Reply with exactly the lines from the one that contains "this 1531×1361 image." through the last line of the records below, and with no other lines.

Input records Start Marker

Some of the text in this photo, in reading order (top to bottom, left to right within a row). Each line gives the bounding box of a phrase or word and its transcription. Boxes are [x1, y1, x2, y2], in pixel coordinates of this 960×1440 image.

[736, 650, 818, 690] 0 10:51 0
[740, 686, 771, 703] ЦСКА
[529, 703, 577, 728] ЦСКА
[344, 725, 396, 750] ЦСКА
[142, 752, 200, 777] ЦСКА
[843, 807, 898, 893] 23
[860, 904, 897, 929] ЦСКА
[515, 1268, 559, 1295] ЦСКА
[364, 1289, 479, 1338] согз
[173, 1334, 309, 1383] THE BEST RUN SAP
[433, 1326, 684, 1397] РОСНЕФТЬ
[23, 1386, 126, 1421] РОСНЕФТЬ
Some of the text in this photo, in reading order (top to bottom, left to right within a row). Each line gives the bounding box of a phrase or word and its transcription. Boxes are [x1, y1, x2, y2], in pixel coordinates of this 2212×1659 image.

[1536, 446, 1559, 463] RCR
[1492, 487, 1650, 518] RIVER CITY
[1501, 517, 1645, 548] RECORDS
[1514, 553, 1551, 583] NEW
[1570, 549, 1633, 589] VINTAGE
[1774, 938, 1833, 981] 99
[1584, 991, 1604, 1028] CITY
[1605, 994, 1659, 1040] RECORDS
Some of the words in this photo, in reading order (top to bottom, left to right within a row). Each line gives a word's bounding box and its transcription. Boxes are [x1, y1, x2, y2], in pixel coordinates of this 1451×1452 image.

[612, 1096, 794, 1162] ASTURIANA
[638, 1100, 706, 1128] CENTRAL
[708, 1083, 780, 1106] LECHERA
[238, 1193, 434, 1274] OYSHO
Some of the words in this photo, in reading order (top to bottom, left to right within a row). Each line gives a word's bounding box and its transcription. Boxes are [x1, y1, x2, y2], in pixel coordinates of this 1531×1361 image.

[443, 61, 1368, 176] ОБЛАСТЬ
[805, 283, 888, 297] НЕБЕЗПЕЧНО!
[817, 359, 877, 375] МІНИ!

Input records End Marker

**Written answer**
Some of the words in this photo, in reading order (top to bottom, left to right within a row). Each line gives a word's bounding box and its transcription. Boxes are [x1, y1, x2, y2], in pixel coordinates of this 1531×1361 image.

[443, 61, 1368, 176] ОБЛАСТЬ
[805, 283, 888, 297] НЕБЕЗПЕЧНО!
[817, 359, 877, 375] МІНИ!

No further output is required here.